Looking for the best deal on your prescription drugs? The information you need may soon be just a mouse click or phone call away.
Gov. Jon Corzine signed legislation yesterday establishing the New Jersey Prescription Drug Retail Price Registry, which will list the retail prices of the 150 most prescribed drugs from every pharmacy in the state.
The idea is to make it easier for consumers, especially those without insurance coverage or with large co-pays, to shop around for the lowest available price on their medicine.
The state will post the information, in both English and Spanish, on a Web site where consumers will be able to plug in their Zip Code and the name of their prescription drug, and comparison shop. They will also be able to access the information by telephone through a toll-free number.

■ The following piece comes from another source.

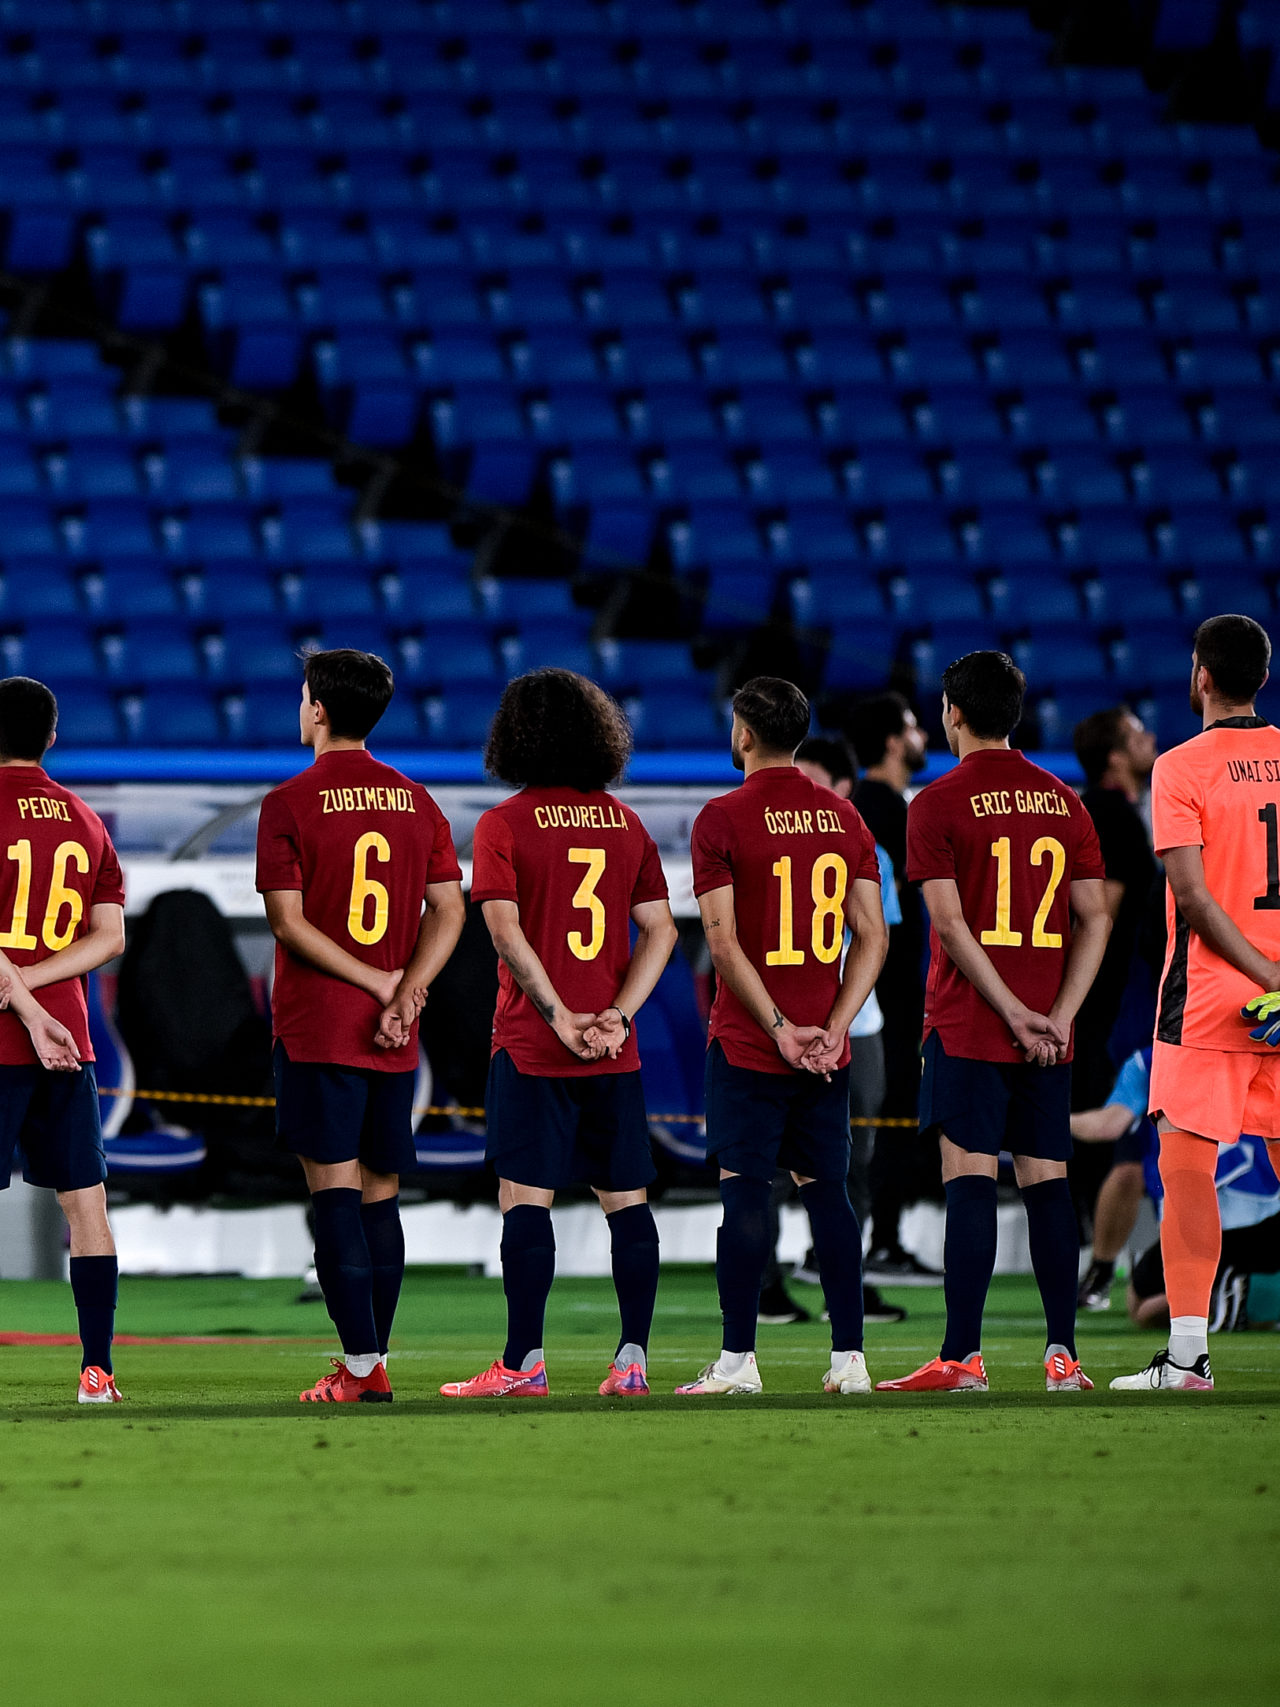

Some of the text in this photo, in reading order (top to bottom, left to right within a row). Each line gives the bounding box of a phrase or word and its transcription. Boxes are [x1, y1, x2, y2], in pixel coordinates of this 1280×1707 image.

Corzine, who signed the bill during a ceremony at the East Brunswick Senior Center, cited a recent New Jersey Health Care Quality Institute study that found prices varied by as much as 20 percent among pharmacies. For example, one CVS charged $173.99 for 40 milligrams of Nexium, while the same purchase could have been made for $50 less on RiteAid.com.
A spot-check of prices at several stores by The Star-Ledger yesterday found the cost of a 30-day supply of 20 milligrams of Lipitor was $141 at a CVS in Elizabeth and $94.89 at Lexington Pharmacy in East Brunswick.
"You are talking about big dough. It is something that makes a difference in people's lives," said Corzine, who was joined by lawmakers and AARP members. "There is hardly anything more important than making health care accessible and affordable."
The AARP pushed for the law, which is based on a similar one enacted in New York two years ago. In New York, according to a Kaiser Family Foundation report, consumers have saved an average $17 per prescription by shopping around and the registry has shown prices can vary by as much as $85 per prescription.
The New Jersey registry is expected to be up and running next year, but Corzine said he would like to see it operating even sooner. "As soon as we can get the systems in place, we'll implement it," Corzine said.
Sen. Barbara Buono (D-Middlesex) said the bill would be especially helpful to the 1.3 million New Jersey residents who do not have health insurance.
"Knowledge is power, and consumers have the right to make an informed decision," Buono said. "They should not have to travel from pharmacy to pharmacy to do that."
Robert Green, a 73-year-old East Brunswick resident on hand for the event, said it is currently possible to call individual pharmacies to check on prices but "it's expensive and time consuming. They are too busy to talk to you. This makes it much easier." He said he "absolutely" would use the new service.
Marilyn Wiener, a 77-year-old East Brunswick resident, said she takes a drug for osteoporosis that costs $700 per month and which her insurance company will only cover for two years. She said her husband takes seven different medications, and that having new tools to help find cheaper drugs will be helpful.
"This is your life. This isn't buying bananas," she said. "Whatever I'm on, I want to be able to sleep at night."
Assemblywoman Linda Greenstein (D-Middlesex), a co-sponsor of the bill, said she hoped the registry would bring added competition and even drive prices down.
John Holub, executive director of the New Jersey Council on Chain Drug stores, was skeptical of that. He said "more information for the consumers is a good thing." But he questioned how much of an impact the registry would have, and said the bulk of the cost of prescriptions is set by manufacturers.
"People need to realize that the pharmacy itself is a very small fraction of the cost of the drug," he said. "This is really going to help people paying cash for their drugs."
Staff writer Susan K. Livio contributed to this report.